Records from a dataset:
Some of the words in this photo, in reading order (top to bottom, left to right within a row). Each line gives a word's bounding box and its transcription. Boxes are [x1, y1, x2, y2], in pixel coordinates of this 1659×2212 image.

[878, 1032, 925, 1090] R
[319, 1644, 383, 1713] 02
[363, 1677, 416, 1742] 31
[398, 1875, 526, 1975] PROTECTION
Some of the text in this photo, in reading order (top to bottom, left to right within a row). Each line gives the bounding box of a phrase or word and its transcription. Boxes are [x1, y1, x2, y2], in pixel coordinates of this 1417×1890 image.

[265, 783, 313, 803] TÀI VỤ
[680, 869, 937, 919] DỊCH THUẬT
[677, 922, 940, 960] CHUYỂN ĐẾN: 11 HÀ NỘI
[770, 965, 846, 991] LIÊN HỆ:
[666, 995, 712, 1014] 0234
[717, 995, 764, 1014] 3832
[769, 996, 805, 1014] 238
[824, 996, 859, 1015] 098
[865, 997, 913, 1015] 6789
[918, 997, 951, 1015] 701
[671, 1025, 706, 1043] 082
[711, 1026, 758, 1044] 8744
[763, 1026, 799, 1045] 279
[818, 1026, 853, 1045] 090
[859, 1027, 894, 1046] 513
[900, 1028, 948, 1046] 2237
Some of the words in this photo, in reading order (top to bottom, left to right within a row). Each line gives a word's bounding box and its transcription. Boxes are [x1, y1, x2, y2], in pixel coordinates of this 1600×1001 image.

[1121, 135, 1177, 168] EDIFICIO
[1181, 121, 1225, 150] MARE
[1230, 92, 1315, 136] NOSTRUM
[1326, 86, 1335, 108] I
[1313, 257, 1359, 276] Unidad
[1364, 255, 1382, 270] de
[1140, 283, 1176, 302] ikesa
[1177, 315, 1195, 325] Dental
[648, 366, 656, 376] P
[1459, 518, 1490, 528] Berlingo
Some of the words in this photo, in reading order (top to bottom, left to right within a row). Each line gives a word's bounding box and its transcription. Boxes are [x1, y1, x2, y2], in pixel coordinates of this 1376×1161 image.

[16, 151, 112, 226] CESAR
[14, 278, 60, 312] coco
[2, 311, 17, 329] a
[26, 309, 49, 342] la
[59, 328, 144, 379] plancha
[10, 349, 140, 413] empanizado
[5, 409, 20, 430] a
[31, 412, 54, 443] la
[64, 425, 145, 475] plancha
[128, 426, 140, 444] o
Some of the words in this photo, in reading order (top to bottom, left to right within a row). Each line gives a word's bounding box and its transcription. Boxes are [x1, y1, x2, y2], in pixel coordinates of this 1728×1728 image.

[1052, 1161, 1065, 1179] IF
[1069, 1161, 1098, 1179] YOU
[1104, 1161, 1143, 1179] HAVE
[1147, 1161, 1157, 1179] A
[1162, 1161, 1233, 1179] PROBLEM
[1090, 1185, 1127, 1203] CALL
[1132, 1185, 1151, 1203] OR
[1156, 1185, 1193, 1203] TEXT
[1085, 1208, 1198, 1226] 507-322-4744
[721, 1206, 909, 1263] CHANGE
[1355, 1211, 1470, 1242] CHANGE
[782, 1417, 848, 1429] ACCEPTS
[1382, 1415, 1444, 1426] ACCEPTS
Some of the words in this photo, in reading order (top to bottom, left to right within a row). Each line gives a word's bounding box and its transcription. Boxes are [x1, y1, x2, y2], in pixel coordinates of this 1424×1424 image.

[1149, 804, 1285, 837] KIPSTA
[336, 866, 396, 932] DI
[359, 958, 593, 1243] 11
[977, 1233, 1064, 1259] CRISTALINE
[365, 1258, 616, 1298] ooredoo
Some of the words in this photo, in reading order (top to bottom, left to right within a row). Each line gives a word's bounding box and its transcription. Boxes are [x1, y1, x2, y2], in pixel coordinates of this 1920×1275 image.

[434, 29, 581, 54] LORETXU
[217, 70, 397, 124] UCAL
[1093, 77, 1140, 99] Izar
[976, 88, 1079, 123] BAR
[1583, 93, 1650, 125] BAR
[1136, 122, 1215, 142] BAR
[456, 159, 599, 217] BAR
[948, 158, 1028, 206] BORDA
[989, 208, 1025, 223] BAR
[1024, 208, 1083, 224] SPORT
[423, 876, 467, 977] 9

Exercise description: Go through the entries above and reproduce each one exactly.

Result of the exercise:
Some of the words in this photo, in reading order (top to bottom, left to right within a row). Each line gives a word's bounding box and its transcription. Boxes are [x1, y1, x2, y2], in pixel coordinates of this 1659×2212 image.

[878, 1032, 925, 1090] R
[319, 1644, 383, 1713] 02
[363, 1677, 416, 1742] 31
[398, 1875, 526, 1975] PROTECTION
Some of the text in this photo, in reading order (top to bottom, left to right within a row). Each line gives the bounding box of a phrase or word and its transcription. Boxes are [x1, y1, x2, y2], in pixel coordinates of this 1417×1890 image.

[265, 783, 313, 803] TÀI VỤ
[680, 869, 937, 919] DỊCH THUẬT
[677, 922, 940, 960] CHUYỂN ĐẾN: 11 HÀ NỘI
[770, 965, 846, 991] LIÊN HỆ:
[666, 995, 712, 1014] 0234
[717, 995, 764, 1014] 3832
[769, 996, 805, 1014] 238
[824, 996, 859, 1015] 098
[865, 997, 913, 1015] 6789
[918, 997, 951, 1015] 701
[671, 1025, 706, 1043] 082
[711, 1026, 758, 1044] 8744
[763, 1026, 799, 1045] 279
[818, 1026, 853, 1045] 090
[859, 1027, 894, 1046] 513
[900, 1028, 948, 1046] 2237
Some of the words in this photo, in reading order (top to bottom, left to right within a row). Each line gives a word's bounding box and its transcription. Boxes are [x1, y1, x2, y2], in pixel coordinates of this 1600×1001 image.

[1121, 135, 1177, 168] EDIFICIO
[1181, 121, 1225, 150] MARE
[1230, 92, 1315, 136] NOSTRUM
[1326, 86, 1335, 108] I
[1313, 257, 1359, 276] Unidad
[1364, 255, 1382, 270] de
[1140, 283, 1176, 302] ikesa
[1177, 315, 1195, 325] Dental
[648, 366, 656, 376] P
[1459, 518, 1490, 528] Berlingo
Some of the words in this photo, in reading order (top to bottom, left to right within a row). Each line gives a word's bounding box and its transcription. Boxes are [x1, y1, x2, y2], in pixel coordinates of this 1376×1161 image.

[16, 151, 112, 226] CESAR
[14, 278, 60, 312] coco
[2, 311, 17, 329] a
[26, 309, 49, 342] la
[59, 328, 144, 379] plancha
[10, 349, 140, 413] empanizado
[5, 409, 20, 430] a
[31, 412, 54, 443] la
[64, 425, 145, 475] plancha
[128, 426, 140, 444] o
Some of the words in this photo, in reading order (top to bottom, left to right within a row). Each line gives a word's bounding box and its transcription. Boxes are [x1, y1, x2, y2], in pixel coordinates of this 1728×1728 image.

[1052, 1161, 1065, 1179] IF
[1069, 1161, 1098, 1179] YOU
[1104, 1161, 1143, 1179] HAVE
[1147, 1161, 1157, 1179] A
[1162, 1161, 1233, 1179] PROBLEM
[1090, 1185, 1127, 1203] CALL
[1132, 1185, 1151, 1203] OR
[1156, 1185, 1193, 1203] TEXT
[1085, 1208, 1198, 1226] 507-322-4744
[721, 1206, 909, 1263] CHANGE
[1355, 1211, 1470, 1242] CHANGE
[782, 1417, 848, 1429] ACCEPTS
[1382, 1415, 1444, 1426] ACCEPTS
Some of the words in this photo, in reading order (top to bottom, left to right within a row). Each line gives a word's bounding box and its transcription. Boxes are [x1, y1, x2, y2], in pixel coordinates of this 1424×1424 image.

[1149, 804, 1285, 837] KIPSTA
[336, 866, 396, 932] DI
[359, 958, 593, 1243] 11
[977, 1233, 1064, 1259] CRISTALINE
[365, 1258, 616, 1298] ooredoo
Some of the words in this photo, in reading order (top to bottom, left to right within a row). Each line gives a word's bounding box and its transcription. Boxes are [x1, y1, x2, y2], in pixel coordinates of this 1920×1275 image.

[434, 29, 581, 54] LORETXU
[217, 70, 397, 124] UCAL
[1093, 77, 1140, 99] Izar
[976, 88, 1079, 123] BAR
[1583, 93, 1650, 125] BAR
[1136, 122, 1215, 142] BAR
[456, 159, 599, 217] BAR
[948, 158, 1028, 206] BORDA
[989, 208, 1025, 223] BAR
[1024, 208, 1083, 224] SPORT
[423, 876, 467, 977] 9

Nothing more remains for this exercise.